What happens when you catch coronavirus? The Telegraph’s Global Health Security Editor Paul Nuki explains all the ways in which you could become infected with COVID-19 and how your body reacts to this virus.
What happens when the virus enters the body?
When the virus enters your body it binds to two cells in the lungs – goblet cells that produce mucus and cilia cells which have hairs on them and normally prevent your lungs filling up with debris and fluid such as virus and bacteria and particles of dust and pollen.
The virus attacks these cells and starts to kill them – so your lungs begin to fill with fluid making it hard for you to breathe. This phase of the disease is thought to last about a week.
At this point your immune system will start to kick in and fight off the invaders. You will develop a fever and your high body temperature will create a hostile environment for the virus. You will start to get rid of the mucus in the form of coughing and a runny nose.

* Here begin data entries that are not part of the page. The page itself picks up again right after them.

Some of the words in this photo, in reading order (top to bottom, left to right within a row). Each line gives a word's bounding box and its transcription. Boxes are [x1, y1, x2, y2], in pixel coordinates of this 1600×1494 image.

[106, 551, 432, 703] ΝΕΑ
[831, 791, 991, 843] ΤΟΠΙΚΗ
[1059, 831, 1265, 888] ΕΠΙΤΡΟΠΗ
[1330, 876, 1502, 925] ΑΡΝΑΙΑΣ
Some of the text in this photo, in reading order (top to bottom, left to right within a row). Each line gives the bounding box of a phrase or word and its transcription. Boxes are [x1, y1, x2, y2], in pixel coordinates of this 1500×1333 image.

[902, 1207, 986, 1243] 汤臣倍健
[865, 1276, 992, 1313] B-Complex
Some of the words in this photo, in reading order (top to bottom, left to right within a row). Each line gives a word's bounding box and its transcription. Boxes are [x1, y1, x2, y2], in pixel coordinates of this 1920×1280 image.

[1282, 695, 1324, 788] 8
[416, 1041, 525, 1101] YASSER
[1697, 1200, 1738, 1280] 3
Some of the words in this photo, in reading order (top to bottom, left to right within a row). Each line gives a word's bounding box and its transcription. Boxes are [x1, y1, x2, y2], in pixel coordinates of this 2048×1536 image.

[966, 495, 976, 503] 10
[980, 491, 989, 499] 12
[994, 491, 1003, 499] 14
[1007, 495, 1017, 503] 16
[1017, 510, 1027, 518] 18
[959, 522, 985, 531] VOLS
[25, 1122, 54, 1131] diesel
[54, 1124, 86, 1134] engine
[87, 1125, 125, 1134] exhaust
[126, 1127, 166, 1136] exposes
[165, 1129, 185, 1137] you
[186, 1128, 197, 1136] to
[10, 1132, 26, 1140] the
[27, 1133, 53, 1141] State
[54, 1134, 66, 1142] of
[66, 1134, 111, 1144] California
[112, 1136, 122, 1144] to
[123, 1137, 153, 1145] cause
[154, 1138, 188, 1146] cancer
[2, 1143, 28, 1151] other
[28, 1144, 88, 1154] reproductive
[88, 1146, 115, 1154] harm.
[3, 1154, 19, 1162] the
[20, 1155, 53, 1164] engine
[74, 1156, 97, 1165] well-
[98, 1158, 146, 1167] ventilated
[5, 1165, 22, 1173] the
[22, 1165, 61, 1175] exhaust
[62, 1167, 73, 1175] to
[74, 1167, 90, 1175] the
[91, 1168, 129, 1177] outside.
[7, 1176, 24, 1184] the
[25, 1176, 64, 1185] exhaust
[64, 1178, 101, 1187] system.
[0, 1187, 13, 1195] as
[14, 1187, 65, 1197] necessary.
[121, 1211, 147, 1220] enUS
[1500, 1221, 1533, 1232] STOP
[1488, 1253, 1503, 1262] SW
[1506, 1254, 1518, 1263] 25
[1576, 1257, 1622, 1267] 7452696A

But in some people – particularly the elderly and those with other health conditions – the immune system can go into overdrive. As well as killing the virus it also starts to kill healthy cells.
This heightened immune response can trigger a “cytokine storm” – white blood cells activate a variety of chemicals that can leak into the lungs, which along with the attack on the cells damages them even further. Scans of the lungs show “ground-glass” opacity and then “crazy paving” patterns, as they fill with mucus making it harder and harder to breathe.